Salt-induced immobilizations of DNA oligonucleotides on an epoxide-activated high-performance liquid chromatographic affinity support.

Synthetic oligonucleotides, possessing a recognition sequence for the transcription factor NF-kappa B, were immobilized onto an epoxide-activated hydroxyethylmethacrylate HPLC affinity support in the presence of high concentrations of potassium phosphate. The extent of immobilization increased with salt concentration in a manner analogous to that which has been reported for salt-induced immobilizations of proteins. High immobilization efficiencies were achieved, and at 2.7 M potassium phosphate, 85-90% of the DNA initially present in the reaction mixture was immobilized. Reactions were examined for double stranded DNA, one strand of which was modified with a 5'-mercaptohexyl spacer arm, and for each of the strands comprising the duplex. For double stranded immobilizations, about 85% of the non-modified strand (the d22 strand) was released from the support under melting conditions, suggesting that d22 exhibited low reactivity when organized as the duplex.

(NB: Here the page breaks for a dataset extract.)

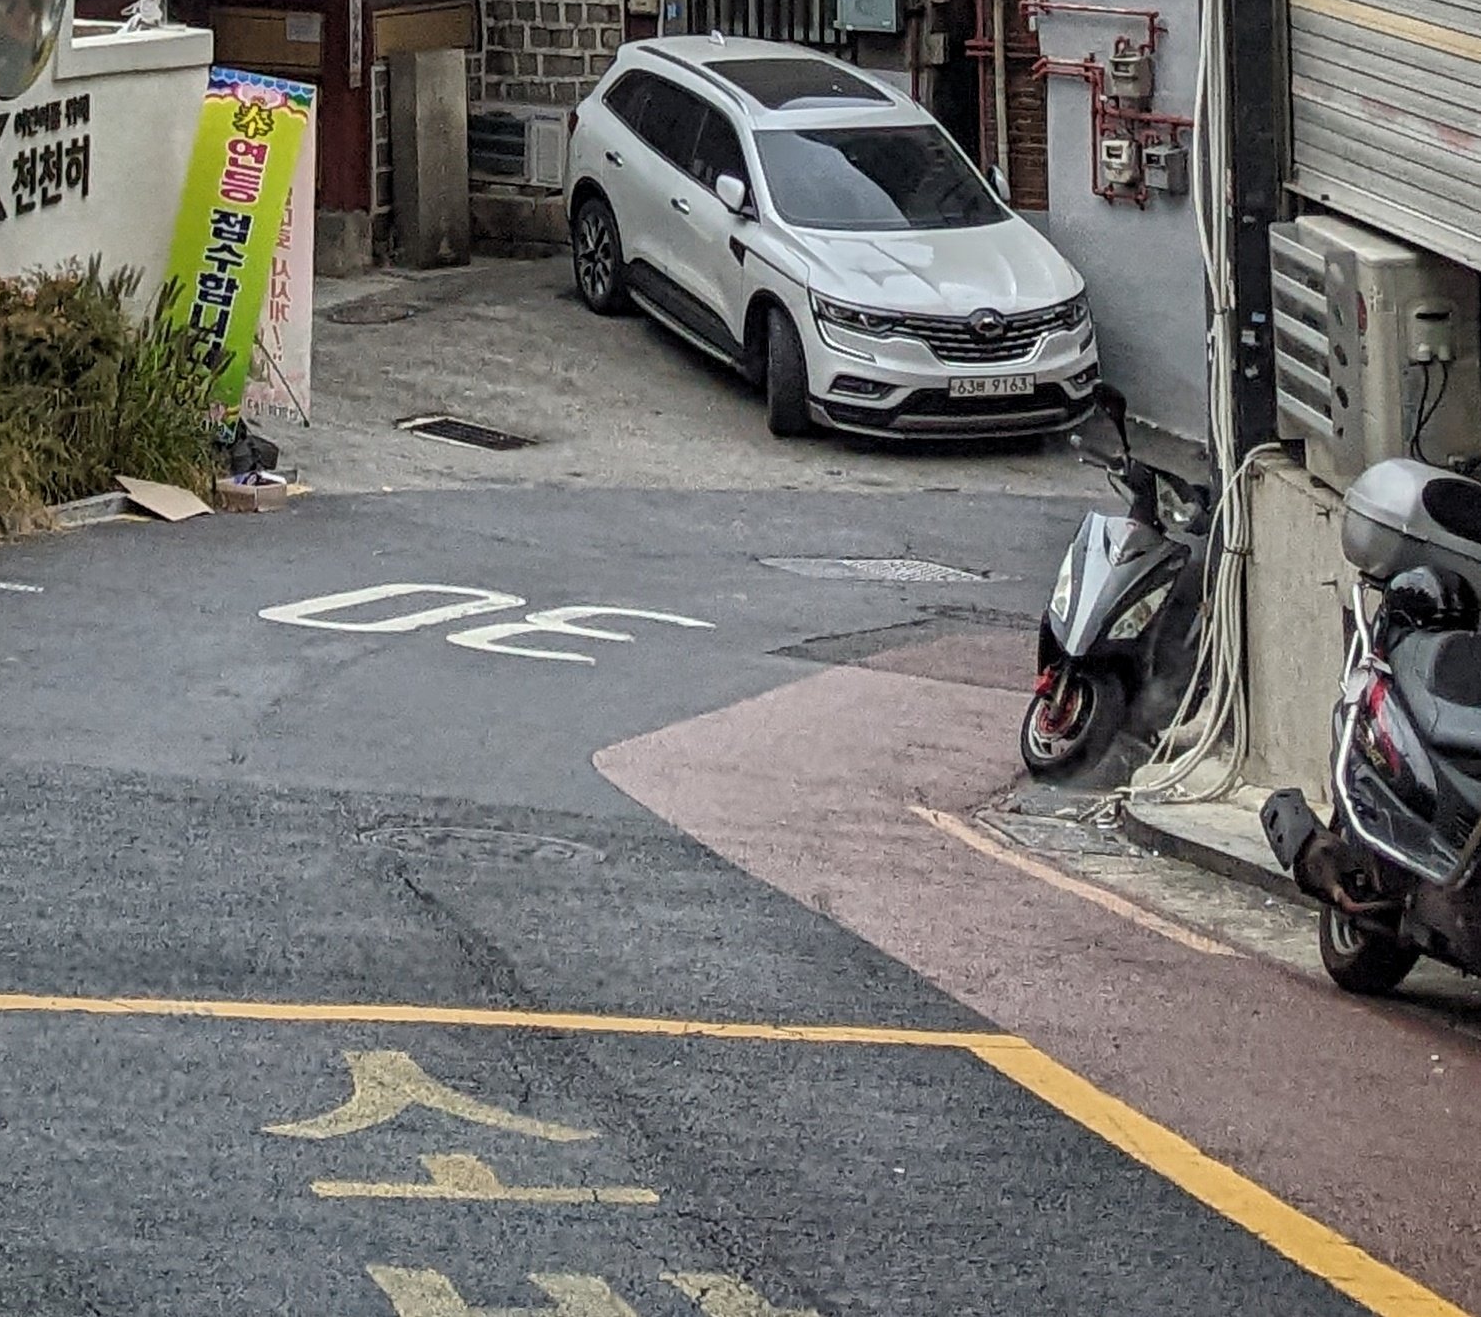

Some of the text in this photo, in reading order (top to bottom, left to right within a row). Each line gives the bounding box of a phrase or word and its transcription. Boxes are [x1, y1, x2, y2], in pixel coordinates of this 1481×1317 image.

[12, 134, 91, 217] 천천히
[220, 139, 269, 203] 연등
[992, 377, 1028, 393] 9163

For immobilizations of single stranded DNA, mild acid hydrolysis of the products was used to provide information concerning the mode of attachment. For reactions of the d22 strand alone, only about 60% each of guanine and adenine were recovered from the immobilized oligonucleotide following mild acid hydrolysis. This suggests that when d22 is immobilized as the single strand, significant attachment occurs through the purine bases, in contrast with the low reactivity exhibited by d22 in the duplex. Purified p50 protein, the DNA binding element of NF-kappa B, and nuclear extracts from phorbol ester-stimulated HeLa cells were injected onto a column packed with the double stranded product. In both cases p50 was retained on the column and was recovered upon elution with a salt gradient.